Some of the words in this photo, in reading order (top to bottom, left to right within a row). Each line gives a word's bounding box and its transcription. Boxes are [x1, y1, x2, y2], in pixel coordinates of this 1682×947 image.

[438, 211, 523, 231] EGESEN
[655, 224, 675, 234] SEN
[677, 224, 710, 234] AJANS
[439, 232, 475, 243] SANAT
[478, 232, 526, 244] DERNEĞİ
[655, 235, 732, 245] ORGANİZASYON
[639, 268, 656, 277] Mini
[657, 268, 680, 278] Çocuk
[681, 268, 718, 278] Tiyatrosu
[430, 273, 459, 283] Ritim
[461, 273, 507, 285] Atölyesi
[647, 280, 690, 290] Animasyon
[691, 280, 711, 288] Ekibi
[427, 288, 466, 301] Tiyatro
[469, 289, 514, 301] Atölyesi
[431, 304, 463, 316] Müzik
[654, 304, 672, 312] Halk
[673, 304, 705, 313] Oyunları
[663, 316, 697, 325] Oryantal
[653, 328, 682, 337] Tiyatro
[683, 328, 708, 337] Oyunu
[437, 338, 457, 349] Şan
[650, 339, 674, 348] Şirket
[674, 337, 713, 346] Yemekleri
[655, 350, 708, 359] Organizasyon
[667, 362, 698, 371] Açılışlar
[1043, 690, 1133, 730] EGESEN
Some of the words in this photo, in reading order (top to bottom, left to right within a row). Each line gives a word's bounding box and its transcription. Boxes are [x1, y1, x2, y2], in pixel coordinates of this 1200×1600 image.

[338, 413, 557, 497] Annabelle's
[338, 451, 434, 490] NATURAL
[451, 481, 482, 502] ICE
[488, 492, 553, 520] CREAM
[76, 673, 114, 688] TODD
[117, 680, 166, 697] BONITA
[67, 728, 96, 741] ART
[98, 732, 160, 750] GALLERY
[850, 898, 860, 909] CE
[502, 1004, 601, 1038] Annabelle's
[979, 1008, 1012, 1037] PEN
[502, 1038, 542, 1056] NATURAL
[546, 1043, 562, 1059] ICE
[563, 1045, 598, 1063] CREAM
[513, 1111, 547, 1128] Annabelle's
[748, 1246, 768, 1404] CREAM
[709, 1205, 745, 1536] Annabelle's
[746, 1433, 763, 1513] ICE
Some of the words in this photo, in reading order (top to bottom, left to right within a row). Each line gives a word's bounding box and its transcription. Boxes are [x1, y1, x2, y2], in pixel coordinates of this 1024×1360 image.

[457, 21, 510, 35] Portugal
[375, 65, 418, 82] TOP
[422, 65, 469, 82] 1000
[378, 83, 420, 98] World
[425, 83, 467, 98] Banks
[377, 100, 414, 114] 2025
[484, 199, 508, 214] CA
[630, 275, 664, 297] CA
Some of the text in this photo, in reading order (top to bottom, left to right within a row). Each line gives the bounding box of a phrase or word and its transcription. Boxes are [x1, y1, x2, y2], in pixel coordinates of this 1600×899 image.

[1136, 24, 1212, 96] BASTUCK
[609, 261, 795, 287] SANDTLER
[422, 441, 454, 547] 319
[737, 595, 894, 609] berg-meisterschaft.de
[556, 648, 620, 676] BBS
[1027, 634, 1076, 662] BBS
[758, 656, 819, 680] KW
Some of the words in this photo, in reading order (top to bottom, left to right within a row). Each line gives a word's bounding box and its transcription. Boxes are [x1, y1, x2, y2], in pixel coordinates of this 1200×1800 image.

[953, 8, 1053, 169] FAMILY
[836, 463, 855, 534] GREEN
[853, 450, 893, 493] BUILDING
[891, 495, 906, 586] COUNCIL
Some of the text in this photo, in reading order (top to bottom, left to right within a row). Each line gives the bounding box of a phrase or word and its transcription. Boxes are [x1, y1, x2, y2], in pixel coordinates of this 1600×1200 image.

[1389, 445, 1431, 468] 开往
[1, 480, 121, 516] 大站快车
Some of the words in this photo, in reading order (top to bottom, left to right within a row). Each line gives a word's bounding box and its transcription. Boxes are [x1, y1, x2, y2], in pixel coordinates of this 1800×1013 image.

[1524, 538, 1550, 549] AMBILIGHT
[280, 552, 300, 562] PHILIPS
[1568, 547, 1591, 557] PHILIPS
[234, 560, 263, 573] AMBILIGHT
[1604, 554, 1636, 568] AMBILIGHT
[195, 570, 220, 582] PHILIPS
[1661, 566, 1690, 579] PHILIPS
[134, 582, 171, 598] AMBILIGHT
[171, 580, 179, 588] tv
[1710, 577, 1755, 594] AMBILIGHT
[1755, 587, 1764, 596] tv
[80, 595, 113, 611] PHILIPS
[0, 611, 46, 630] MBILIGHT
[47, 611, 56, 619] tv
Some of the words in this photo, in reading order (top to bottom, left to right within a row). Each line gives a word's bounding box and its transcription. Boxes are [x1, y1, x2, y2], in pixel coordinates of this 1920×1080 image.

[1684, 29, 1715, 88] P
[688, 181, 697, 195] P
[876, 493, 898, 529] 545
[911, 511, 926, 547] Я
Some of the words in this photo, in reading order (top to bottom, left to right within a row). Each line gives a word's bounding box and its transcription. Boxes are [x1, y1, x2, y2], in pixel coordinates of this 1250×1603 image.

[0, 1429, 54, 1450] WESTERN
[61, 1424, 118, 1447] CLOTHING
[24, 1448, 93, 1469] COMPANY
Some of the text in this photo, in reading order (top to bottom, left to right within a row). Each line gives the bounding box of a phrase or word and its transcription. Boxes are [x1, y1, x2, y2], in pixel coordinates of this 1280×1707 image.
┄┄┄┄┄┄
What you write must match the material above exactly and in full.

SOLUTION FOR THIS EXERCISE:
Some of the words in this photo, in reading order (top to bottom, left to right within a row). Each line gives a word's bounding box and its transcription. Boxes are [x1, y1, x2, y2], in pixel coordinates of this 1682×947 image.

[438, 211, 523, 231] EGESEN
[655, 224, 675, 234] SEN
[677, 224, 710, 234] AJANS
[439, 232, 475, 243] SANAT
[478, 232, 526, 244] DERNEĞİ
[655, 235, 732, 245] ORGANİZASYON
[639, 268, 656, 277] Mini
[657, 268, 680, 278] Çocuk
[681, 268, 718, 278] Tiyatrosu
[430, 273, 459, 283] Ritim
[461, 273, 507, 285] Atölyesi
[647, 280, 690, 290] Animasyon
[691, 280, 711, 288] Ekibi
[427, 288, 466, 301] Tiyatro
[469, 289, 514, 301] Atölyesi
[431, 304, 463, 316] Müzik
[654, 304, 672, 312] Halk
[673, 304, 705, 313] Oyunları
[663, 316, 697, 325] Oryantal
[653, 328, 682, 337] Tiyatro
[683, 328, 708, 337] Oyunu
[437, 338, 457, 349] Şan
[650, 339, 674, 348] Şirket
[674, 337, 713, 346] Yemekleri
[655, 350, 708, 359] Organizasyon
[667, 362, 698, 371] Açılışlar
[1043, 690, 1133, 730] EGESEN
Some of the words in this photo, in reading order (top to bottom, left to right within a row). Each line gives a word's bounding box and its transcription. Boxes are [x1, y1, x2, y2], in pixel coordinates of this 1200×1600 image.

[338, 413, 557, 497] Annabelle's
[338, 451, 434, 490] NATURAL
[451, 481, 482, 502] ICE
[488, 492, 553, 520] CREAM
[76, 673, 114, 688] TODD
[117, 680, 166, 697] BONITA
[67, 728, 96, 741] ART
[98, 732, 160, 750] GALLERY
[850, 898, 860, 909] CE
[502, 1004, 601, 1038] Annabelle's
[979, 1008, 1012, 1037] PEN
[502, 1038, 542, 1056] NATURAL
[546, 1043, 562, 1059] ICE
[563, 1045, 598, 1063] CREAM
[513, 1111, 547, 1128] Annabelle's
[748, 1246, 768, 1404] CREAM
[709, 1205, 745, 1536] Annabelle's
[746, 1433, 763, 1513] ICE
Some of the words in this photo, in reading order (top to bottom, left to right within a row). Each line gives a word's bounding box and its transcription. Boxes are [x1, y1, x2, y2], in pixel coordinates of this 1024×1360 image.

[457, 21, 510, 35] Portugal
[375, 65, 418, 82] TOP
[422, 65, 469, 82] 1000
[378, 83, 420, 98] World
[425, 83, 467, 98] Banks
[377, 100, 414, 114] 2025
[484, 199, 508, 214] CA
[630, 275, 664, 297] CA
Some of the text in this photo, in reading order (top to bottom, left to right within a row). Each line gives the bounding box of a phrase or word and its transcription. Boxes are [x1, y1, x2, y2], in pixel coordinates of this 1600×899 image.

[1136, 24, 1212, 96] BASTUCK
[609, 261, 795, 287] SANDTLER
[422, 441, 454, 547] 319
[737, 595, 894, 609] berg-meisterschaft.de
[556, 648, 620, 676] BBS
[1027, 634, 1076, 662] BBS
[758, 656, 819, 680] KW
Some of the words in this photo, in reading order (top to bottom, left to right within a row). Each line gives a word's bounding box and its transcription. Boxes are [x1, y1, x2, y2], in pixel coordinates of this 1200×1800 image.

[953, 8, 1053, 169] FAMILY
[836, 463, 855, 534] GREEN
[853, 450, 893, 493] BUILDING
[891, 495, 906, 586] COUNCIL
Some of the text in this photo, in reading order (top to bottom, left to right within a row). Each line gives the bounding box of a phrase or word and its transcription. Boxes are [x1, y1, x2, y2], in pixel coordinates of this 1600×1200 image.

[1389, 445, 1431, 468] 开往
[1, 480, 121, 516] 大站快车
Some of the words in this photo, in reading order (top to bottom, left to right within a row). Each line gives a word's bounding box and its transcription. Boxes are [x1, y1, x2, y2], in pixel coordinates of this 1800×1013 image.

[1524, 538, 1550, 549] AMBILIGHT
[280, 552, 300, 562] PHILIPS
[1568, 547, 1591, 557] PHILIPS
[234, 560, 263, 573] AMBILIGHT
[1604, 554, 1636, 568] AMBILIGHT
[195, 570, 220, 582] PHILIPS
[1661, 566, 1690, 579] PHILIPS
[134, 582, 171, 598] AMBILIGHT
[171, 580, 179, 588] tv
[1710, 577, 1755, 594] AMBILIGHT
[1755, 587, 1764, 596] tv
[80, 595, 113, 611] PHILIPS
[0, 611, 46, 630] MBILIGHT
[47, 611, 56, 619] tv
Some of the words in this photo, in reading order (top to bottom, left to right within a row). Each line gives a word's bounding box and its transcription. Boxes are [x1, y1, x2, y2], in pixel coordinates of this 1920×1080 image.

[1684, 29, 1715, 88] P
[688, 181, 697, 195] P
[876, 493, 898, 529] 545
[911, 511, 926, 547] Я
Some of the words in this photo, in reading order (top to bottom, left to right within a row). Each line gives a word's bounding box and its transcription. Boxes are [x1, y1, x2, y2], in pixel coordinates of this 1250×1603 image.

[0, 1429, 54, 1450] WESTERN
[61, 1424, 118, 1447] CLOTHING
[24, 1448, 93, 1469] COMPANY
Some of the text in this photo, in reading order (top to bottom, left to right within a row). Each line gives the bounding box of a phrase or word and its transcription. Boxes are [x1, y1, x2, y2], in pixel coordinates of this 1280×1707 image.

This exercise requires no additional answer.